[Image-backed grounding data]

*** Block opens ***

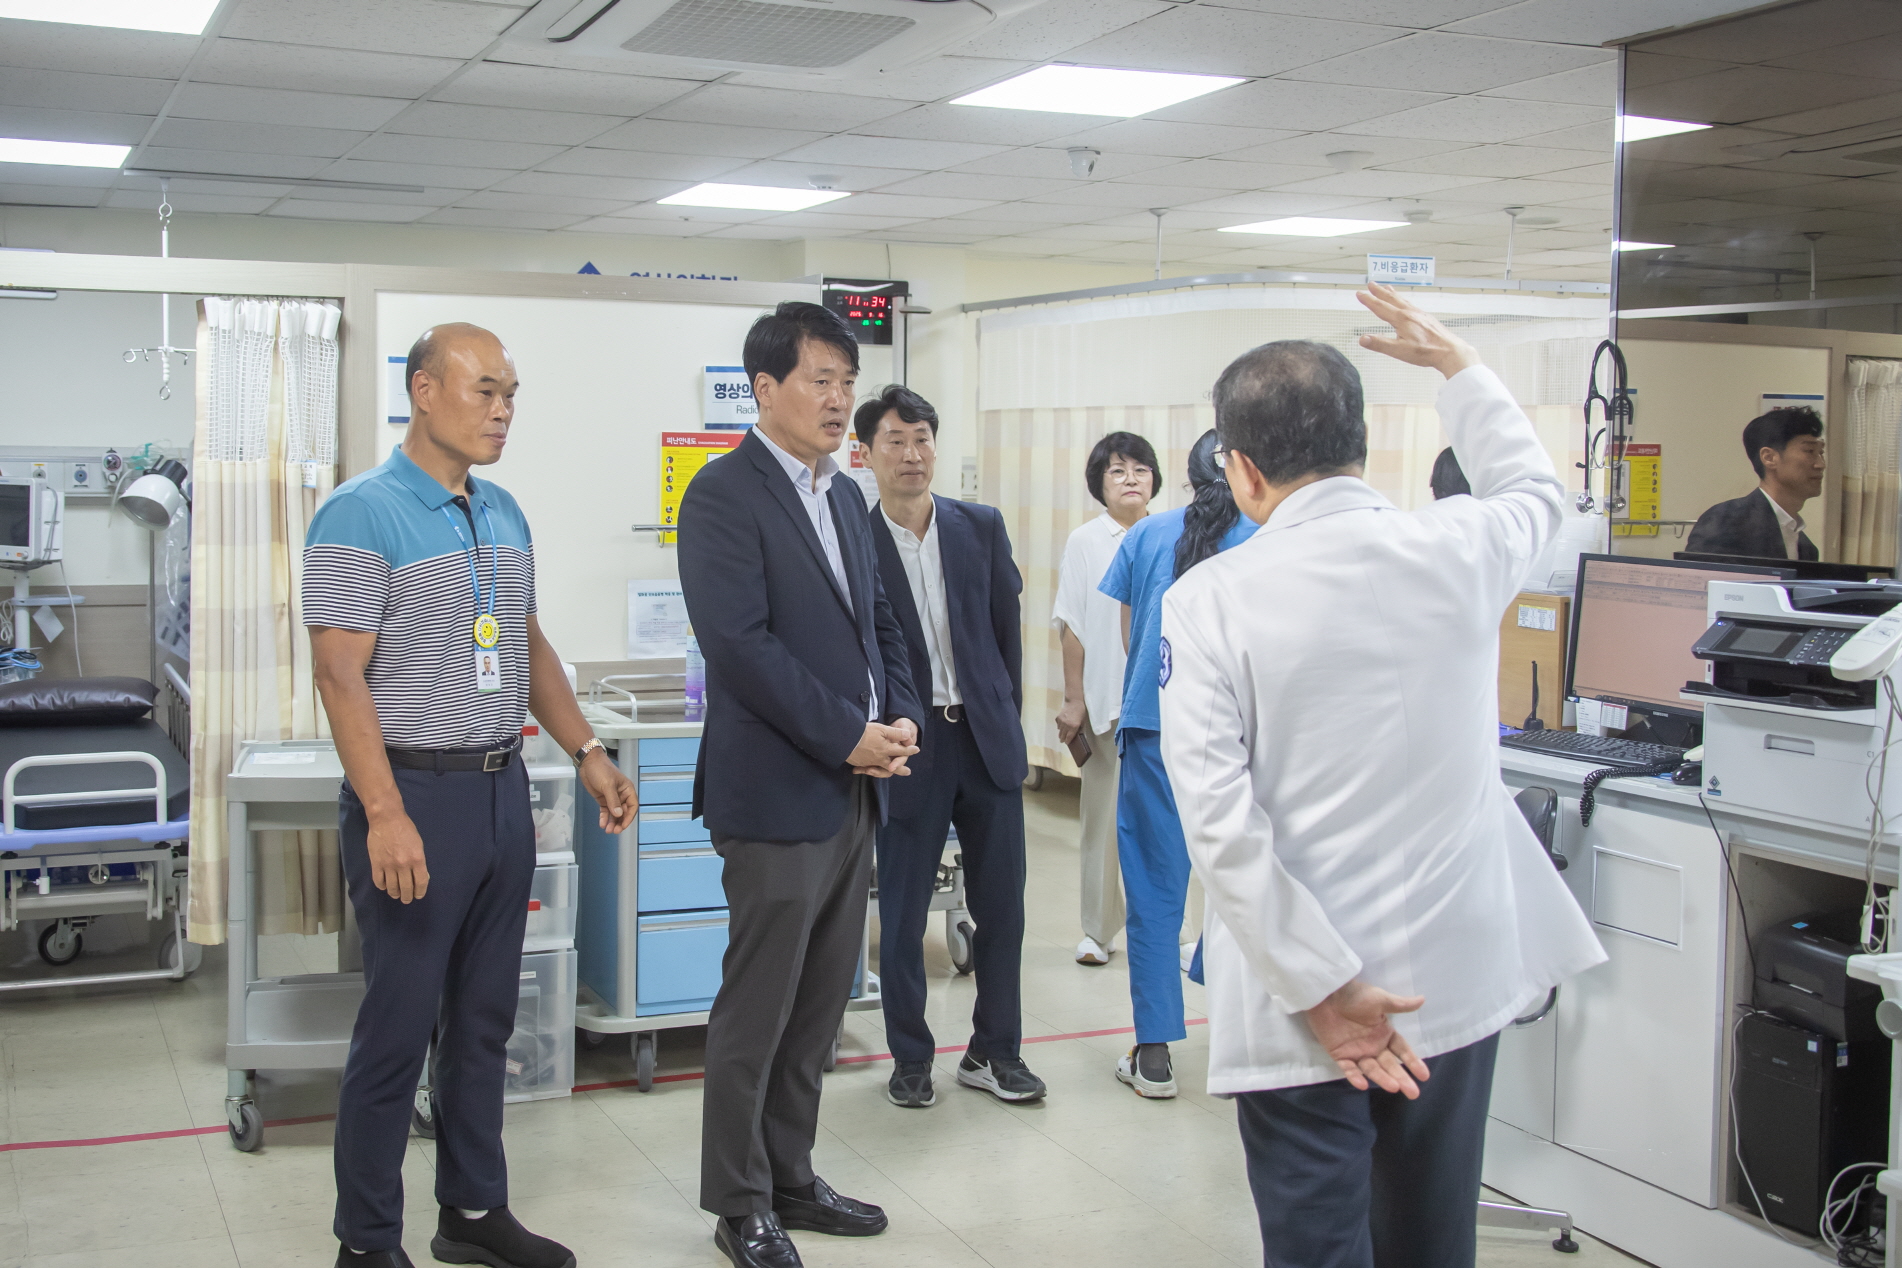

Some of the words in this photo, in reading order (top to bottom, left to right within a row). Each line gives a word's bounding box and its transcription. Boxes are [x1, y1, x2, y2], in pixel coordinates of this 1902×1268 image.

[1372, 261, 1429, 274] 7.비응급환자
[871, 296, 886, 308] 34
[666, 437, 697, 445] 피난안내도
[1724, 593, 1744, 602] EPSON
[1866, 750, 1875, 758] C1
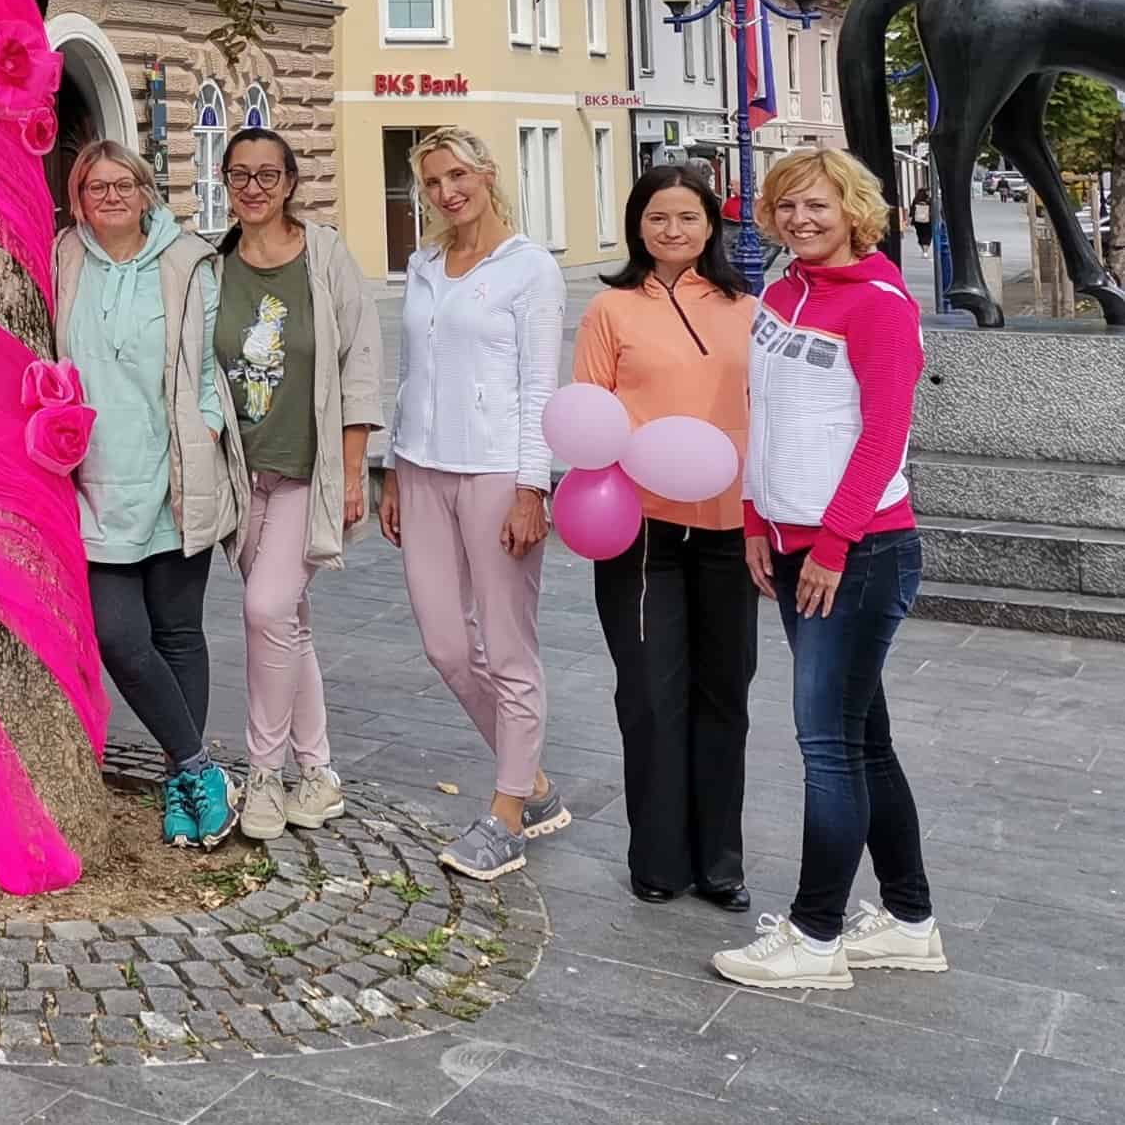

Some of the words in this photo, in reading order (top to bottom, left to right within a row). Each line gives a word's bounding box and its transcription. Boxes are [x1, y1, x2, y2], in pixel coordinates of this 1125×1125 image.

[374, 74, 415, 96] BKS
[419, 73, 470, 96] Bank
[584, 94, 609, 107] BKS
[611, 94, 641, 107] Bank
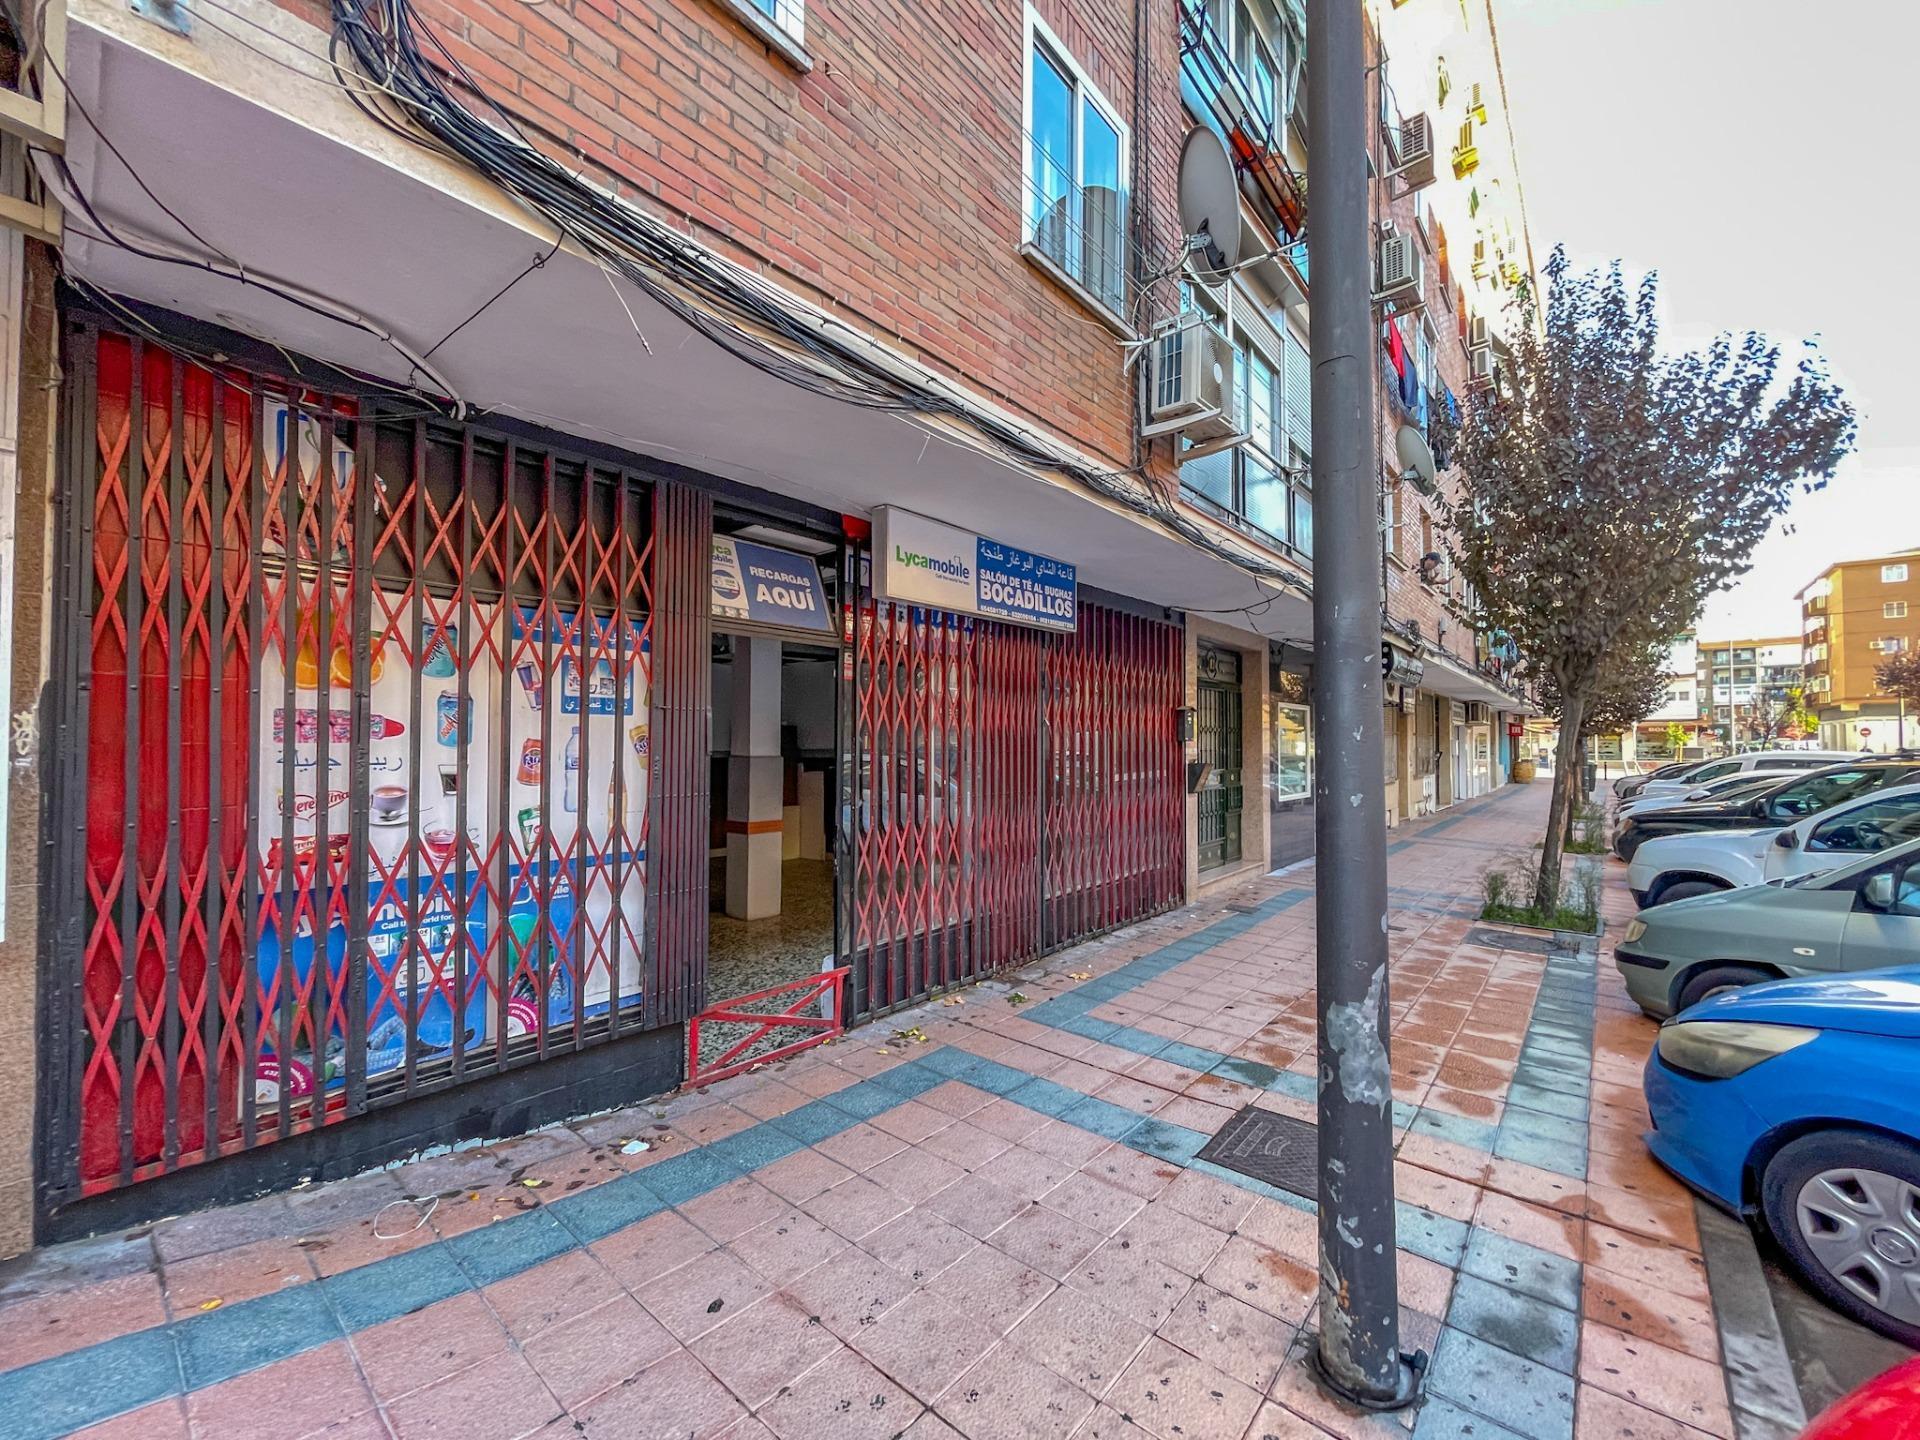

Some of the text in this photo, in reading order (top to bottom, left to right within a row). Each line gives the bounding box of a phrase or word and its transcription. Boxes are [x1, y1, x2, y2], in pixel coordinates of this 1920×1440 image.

[749, 565, 811, 587] RECARGAS
[896, 545, 970, 579] Lycamobile
[756, 583, 816, 611] AQUÍ
[980, 568, 1007, 586] SALÓN
[1009, 576, 1020, 588] DE
[1022, 578, 1032, 591] TÉ
[1033, 583, 1043, 594] AL
[1044, 585, 1073, 601] BUGHAZ
[980, 579, 1073, 618] BOCADILLOS
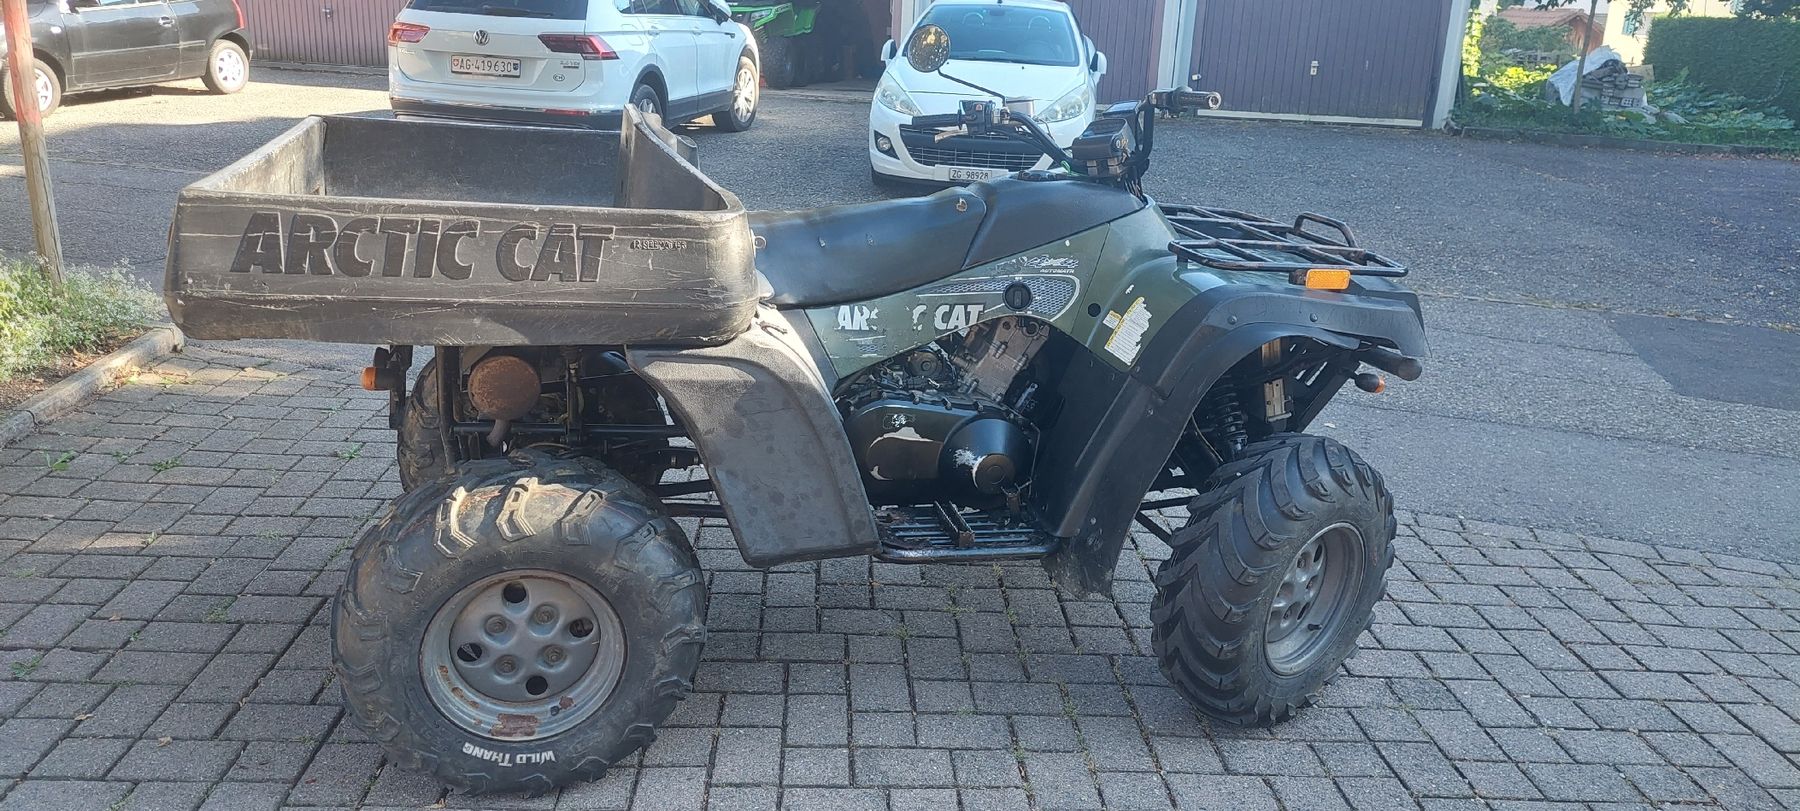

*** Block closes ***

#### Description of the task:
The entries above need to be printed again exactly; please exclude all pictures.

#### Worked solution:
Some of the words in this photo, in reading order (top to bottom, left to right within a row). Each line gives a word's bounding box and its transcription. Boxes are [x1, y1, x2, y2], in pixel coordinates of this 1902×1268 image.

[1372, 261, 1429, 274] 7.비응급환자
[871, 296, 886, 308] 34
[666, 437, 697, 445] 피난안내도
[1724, 593, 1744, 602] EPSON
[1866, 750, 1875, 758] C1

Some of the words in this photo, in reading order (top to bottom, left to right within a row). Each line gives a word's bounding box and its transcription. Boxes are [x1, y1, x2, y2], in pixel coordinates of this 1125×1125 image.

[374, 74, 415, 96] BKS
[419, 73, 470, 96] Bank
[584, 94, 609, 107] BKS
[611, 94, 641, 107] Bank

Some of the text in this photo, in reading order (top to bottom, left to right within a row). Each line gives the bounding box of a phrase or word and its transcription. Boxes are [x1, y1, x2, y2], in pixel coordinates of this 1920×1440 image.

[749, 565, 811, 587] RECARGAS
[896, 545, 970, 579] Lycamobile
[756, 583, 816, 611] AQUÍ
[980, 568, 1007, 586] SALÓN
[1009, 576, 1020, 588] DE
[1022, 578, 1032, 591] TÉ
[1033, 583, 1043, 594] AL
[1044, 585, 1073, 601] BUGHAZ
[980, 579, 1073, 618] BOCADILLOS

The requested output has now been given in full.